He realizes how useless this request is just as Altin says, “From one-thirteen,” and taps his screen.

“You been _counting_?”

“Notes,” Altin says, as if this isn’t even weirder, and then, “Listen—”

Yuri listens. The descending riffs tumble and he tracks what exists of the choreography, the steps and hops and crossovers, then envisions the leadup to the jump and the midair deep split, which Lilia disdains as ungraceful but it’s _fun_. Moreover, it’s right. “You’re right,” he says, just as Altin pauses the track to say, “The drama leadup’s wrong.”

“The what?”

“This.” He un-pauses. The riffs are climbing now. “Gonna bump the tempo on the whole section. Too heavy otherwise.”

“You can do that?”

“Better than I can kill a drama leadup for the ice tiger’s rockstar moment.”

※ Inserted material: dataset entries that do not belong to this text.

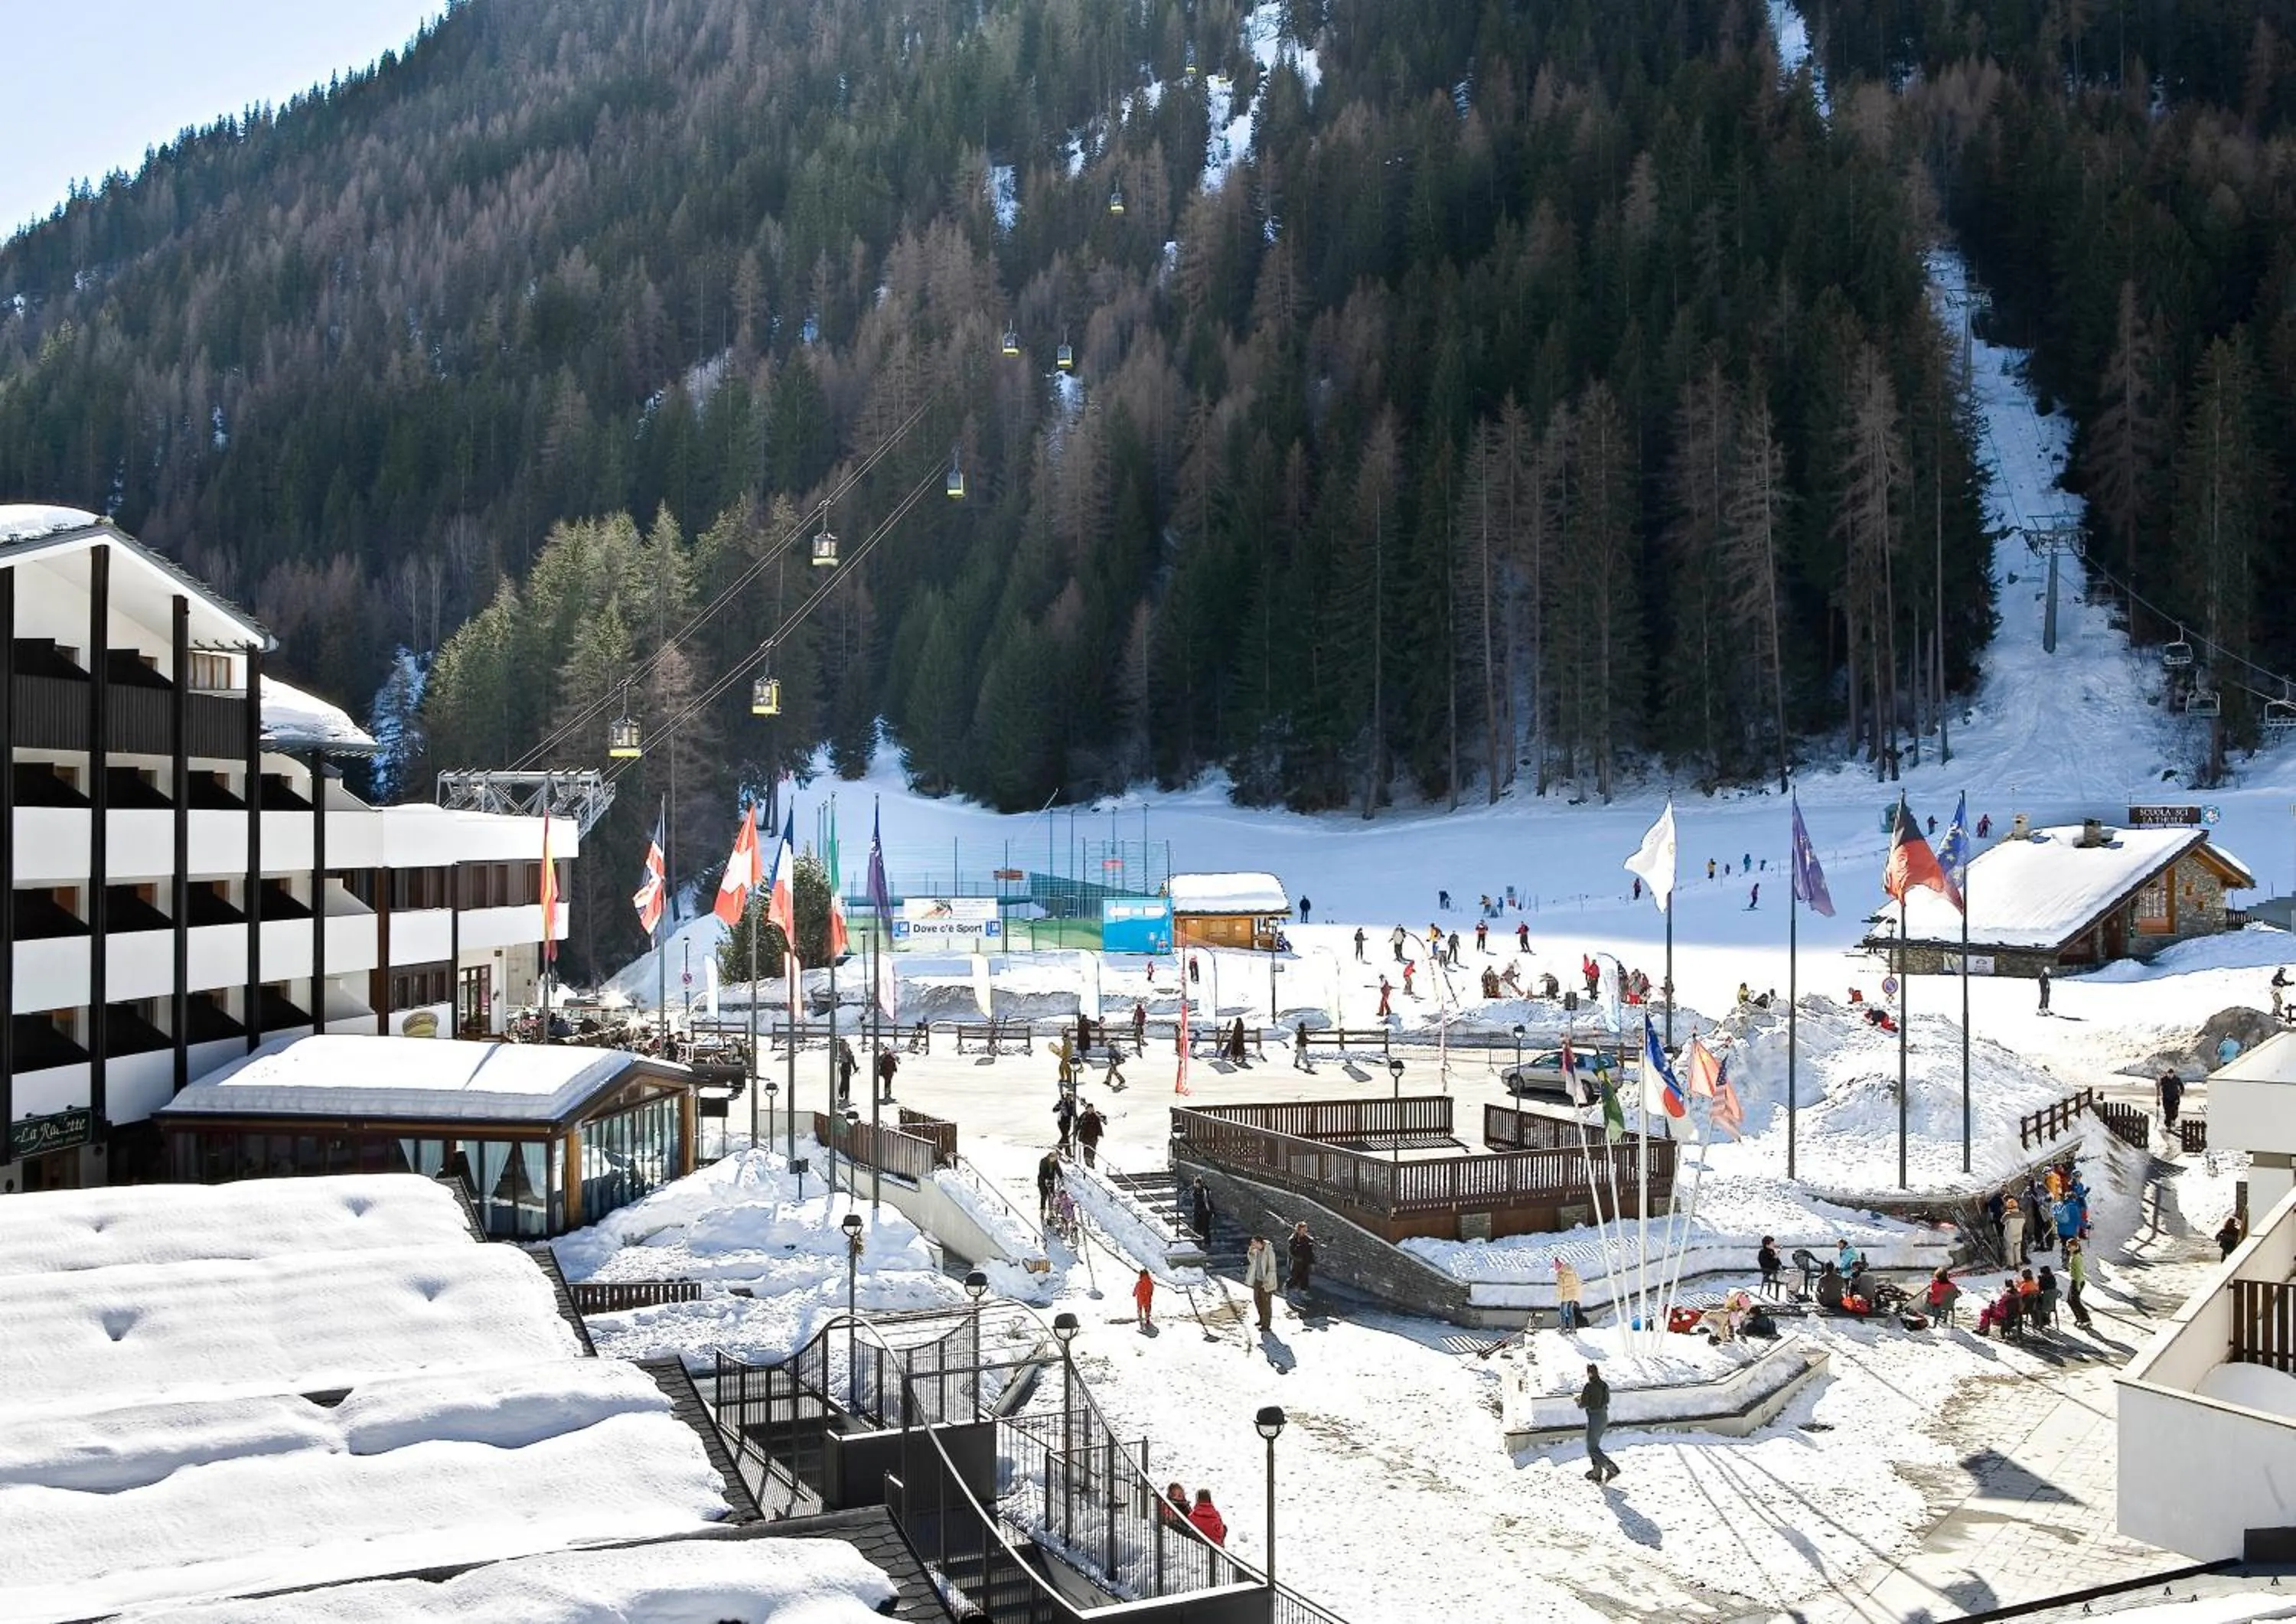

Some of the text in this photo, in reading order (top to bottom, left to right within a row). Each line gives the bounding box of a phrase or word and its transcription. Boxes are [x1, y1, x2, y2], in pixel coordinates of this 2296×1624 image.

[2139, 808, 2188, 817] SCUOLA SCI
[913, 924, 938, 933] Dove
[956, 924, 983, 934] Sport
[15, 1127, 37, 1143] La
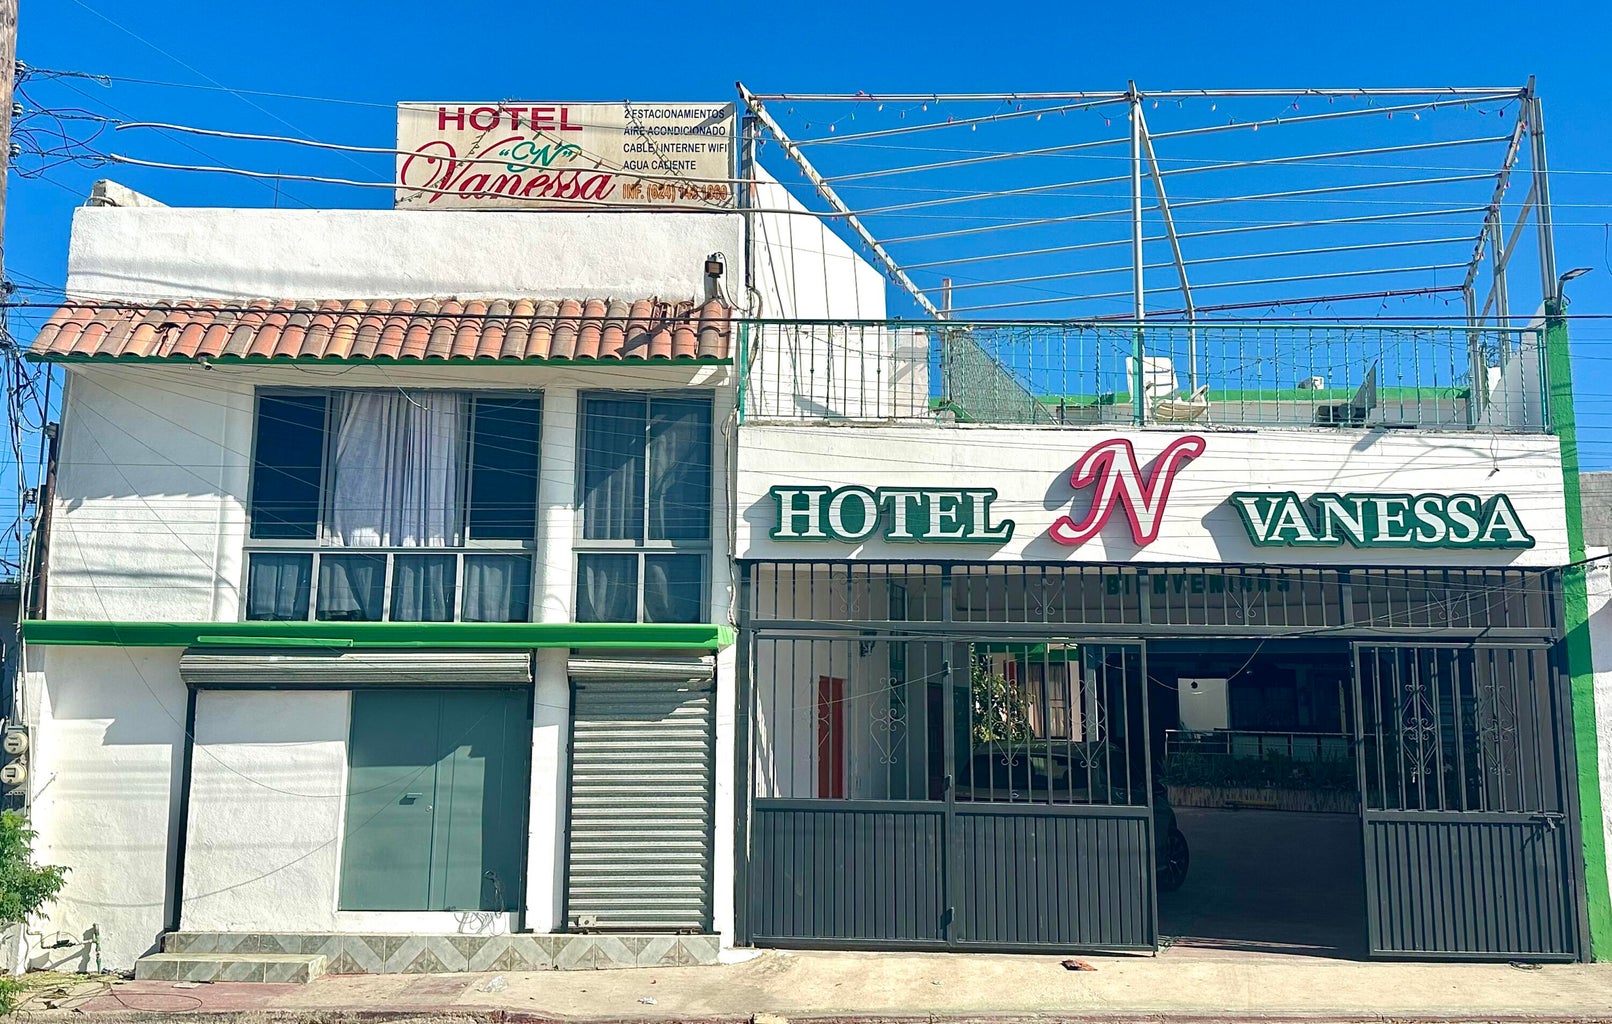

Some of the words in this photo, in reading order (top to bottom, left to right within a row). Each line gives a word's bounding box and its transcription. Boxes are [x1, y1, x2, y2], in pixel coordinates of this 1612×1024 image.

He blinks. He is fairly certain Altin has just made a joke at his expense.

Altin doesn’t seem to have noticed. He’s doing thoughtful eyebrows now: “Cutting from 30 to 43 like we said, camel spin to half-Biellmann here—” The phone shrieks suddenly, then cuts back into the guitar. He keeps talking over it. “Jacket off, but 46 to 57 is gone, then keep 57 to one-oh-two but cut to one-thirteen right at the beginning of the steps through the axel, if you insist—”

“No. Russian split,” Yuri says. “The energy’s better.”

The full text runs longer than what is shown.